Introduction to Chemistry of Human Cells

• This lecture introduces the chemistry of human cells, focusing on the molecular basis of cellular function. It examines water's properties as a solvent and acid-base changes in aqueous environments.
• The lecture aims to provide a foundation for understanding cellular and organismal structure, function, and biological specificity.
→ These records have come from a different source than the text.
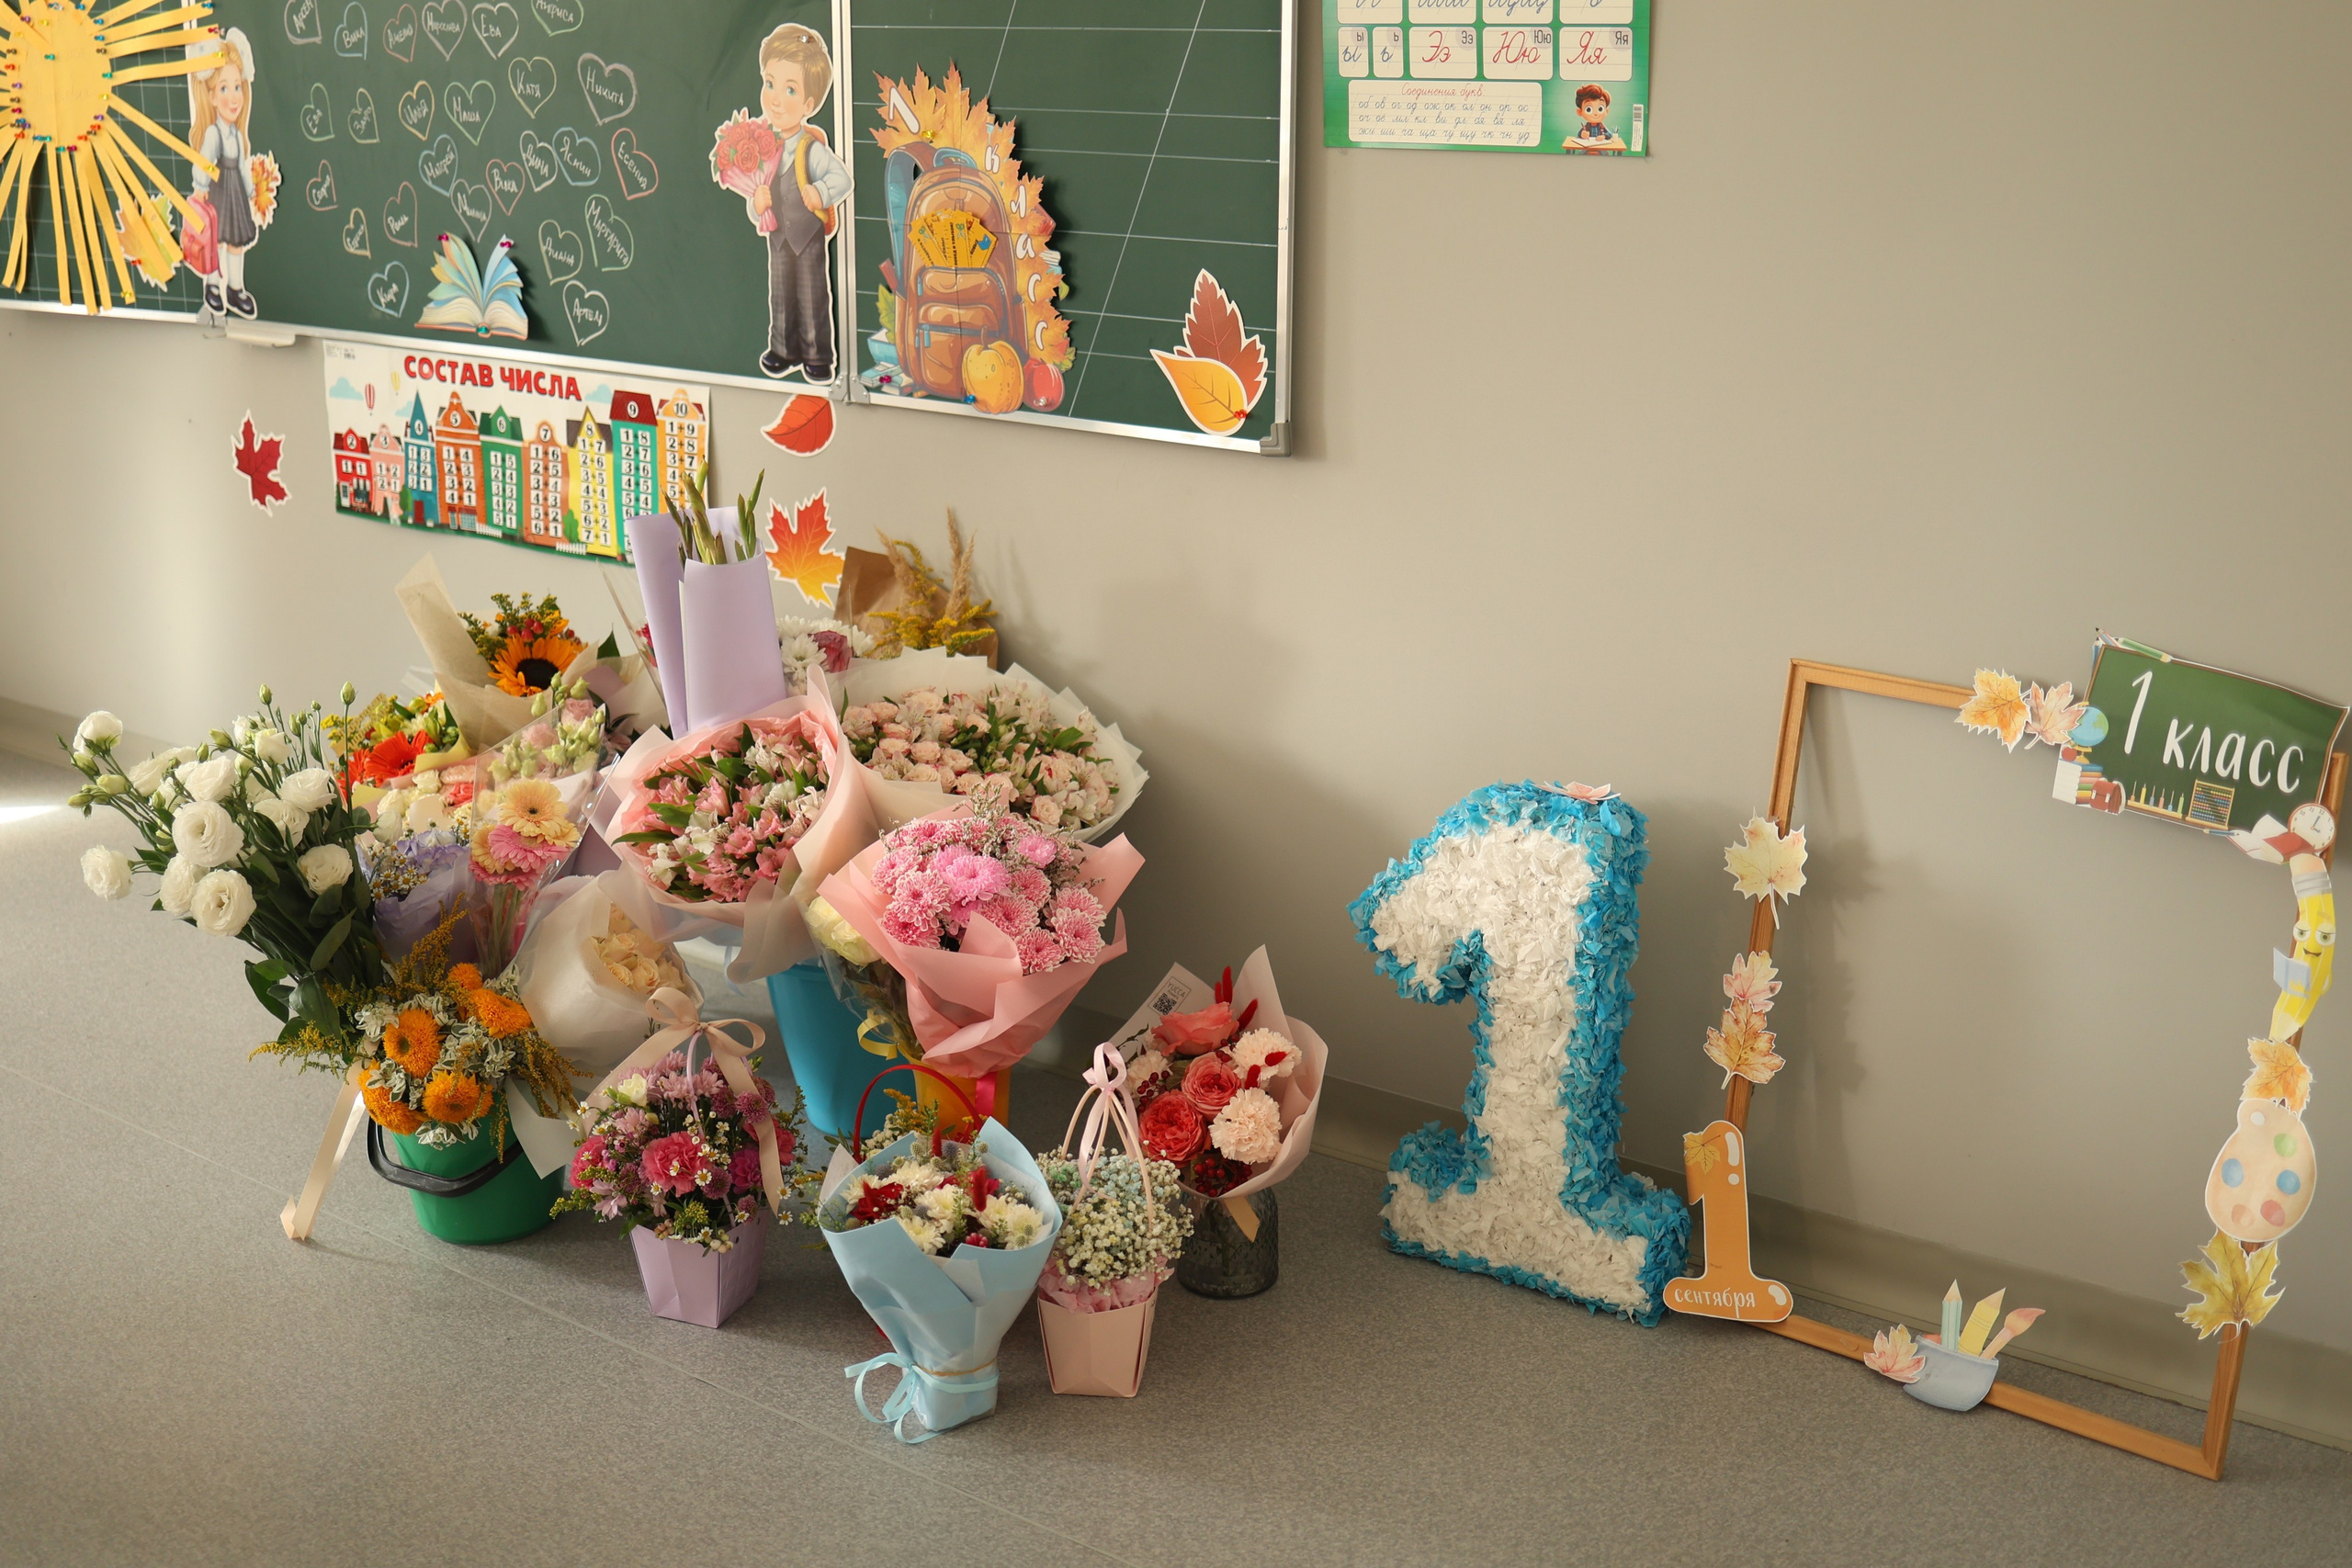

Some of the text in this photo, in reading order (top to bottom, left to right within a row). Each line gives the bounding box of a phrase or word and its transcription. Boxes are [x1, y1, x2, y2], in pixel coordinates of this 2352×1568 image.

[481, 14, 502, 38] Ева
[1356, 32, 1364, 42] ы
[1393, 32, 1400, 42] ь
[1461, 30, 1474, 44] Ээ
[1533, 29, 1552, 44] Юю
[1615, 31, 1629, 45] Яя
[1342, 46, 1362, 62] ы
[1380, 46, 1393, 62] ь
[1421, 30, 1451, 62] Ээ
[1492, 30, 1541, 63] Юю
[1566, 30, 1607, 64] Яя
[516, 68, 541, 98] Катя
[586, 66, 624, 106] Никита
[1401, 82, 1457, 100] Соединения
[453, 96, 481, 123] Маша
[618, 141, 648, 190] Есения
[586, 199, 629, 265] Маргарита
[404, 355, 582, 401] СОСТАВ ЧИСЛА
[629, 403, 637, 415] 9
[675, 404, 688, 415] 10
[451, 414, 458, 424] 5
[498, 420, 504, 430] 6
[416, 423, 423, 432] 4
[542, 428, 548, 439] 7
[586, 424, 594, 435] 8
[348, 438, 356, 446] 2
[381, 435, 388, 445] 3
[2124, 671, 2304, 793] 1 класс
[1168, 982, 1186, 998] YUCCA
[1674, 1287, 1756, 1319] сентября
Relationships of Function to Structure

• Examples illustrating the relationship between structure and function include:
  • Enzyme specificity
  • Genetic information
  • Membrane properties

Cellular Environment

• Water: Makes up 70\% of a cell.
• Most abundant intracellular cation: Potassium (K^+).
• Intracellular anions: Chloride (Cl^-) and phosphate (PO_4^{3-}).
• Cells in vivo reside in an aqueous environment.
• Cell culture attempts to mimic the physiological environment by providing essential extracellular ions like sodium (Na^+$), calcium (Ca^{2+}$), chloride (Cl^−), and bicarbonate (HCO_3^−).

Organic Molecules

• Life on Earth is carbon-based; all organic molecules contain carbon.
• Sugars (e.g., glucose) and fatty acids (e.g., nervistate, palmitate) contain carbon, hydrogen, and oxygen.
• Amino acids contain nitrogen.
• Nucleotides contain sugars, nitrogenous bases, and phosphate.

Covalent Bonds

• Small organic molecules are held together by covalent bonds.
• Covalent bonds involve sharing electrons and are generally strong, broken only during specific chemical reactions.

Macromolecules

• Macromolecules are large molecules assembled from smaller organic building blocks (subunits).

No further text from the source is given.